ULTRASTRUCTURE AND FUNCTION IN NEUROHYPOPHYSIS OF THE TOAD1

Abstract

An electron microscope study was carried out on hypothalamic portions of the preoptic-neurohypophyseal tract and in the infundibular process of toads in normal water balance or treated experimentally to produce release of the posterior pituitary hormones. Axons containing neurosecretory granules have been observed in the hypothalamus (region I) in the hilum of the infundibular process (region n), near the capillaries (region III) and at the ending proper (region IV). The neurosecretory granules, that are formed within special dense vesicles, have a high electron density and are surrounded by an enveloping membrane. Their size increases from 620 A in region I to 1350 A-1500 A in regions II and HI. At the ending (region IV) a second component appears which is similar to the synaptic vesicles described by De Robertis and Bennett (1954).
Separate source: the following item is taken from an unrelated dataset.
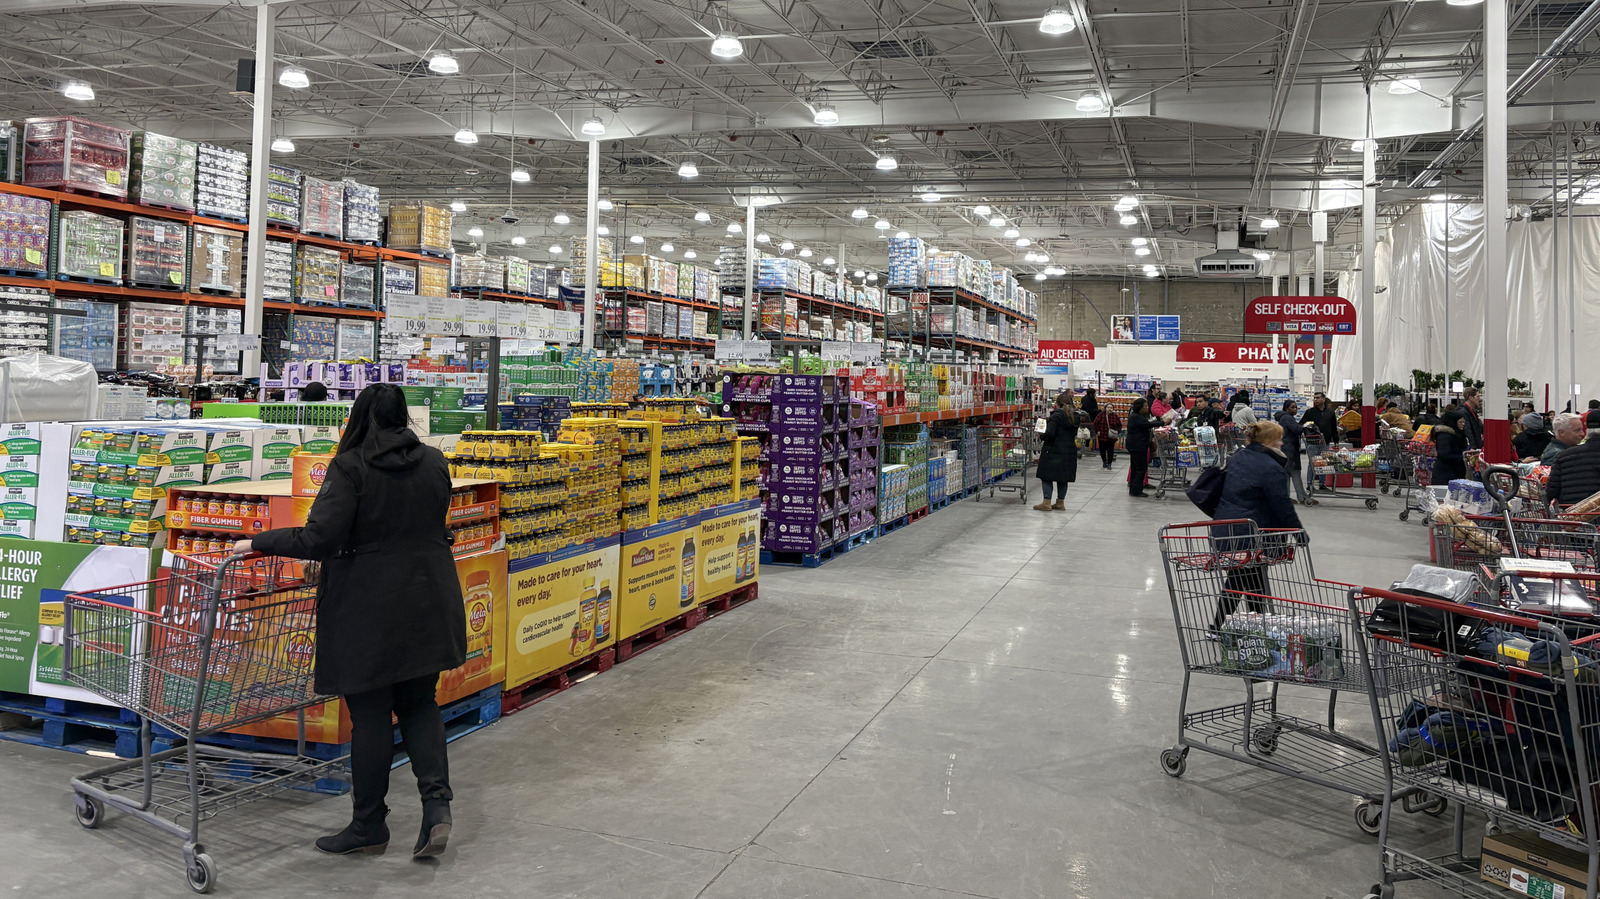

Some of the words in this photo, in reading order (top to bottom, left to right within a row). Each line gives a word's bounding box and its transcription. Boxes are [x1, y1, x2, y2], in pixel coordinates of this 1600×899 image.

The mean size of the vesicles is of 420 A and the histograms show no overlapping between these components. Within the axons of region I to III neuroprotofibrils and finer neuro-filaments are observed. In all parts of the axons there are bizarrely shaped mitochondria that bear no relationship to the neurosecretory material. In chronically dehydrated animals the neurosecretory granules disappear from the endings but persist in other regions of the axon. At the endings the synaptic vesicles remain and appear to increase in number after chronic dehydration. In acutely dehydrated animals (injection of hypertonic NaCl) most neurosecretory granules disappear and only some empty membranes are observed at the endings. In this case also the synaptic vesicles seem to decrease in number. Ether anesthesia produces a massive release of neurosecretion and vacuo-lization of the nerve endings. The concept of axoplasmic flow of neurosecretion is discussed on the basis of our findings. It is concluded that in addition to the streaming of secretion there should be a progressive synthesis of material along the axon. The probable mechanisms of release are discussed and compared with those in other neurohumoral secretory processes. A hypothesis is advanced about the possible role played by the synaptic vesicles in the function of neurosecretory nerve fibers.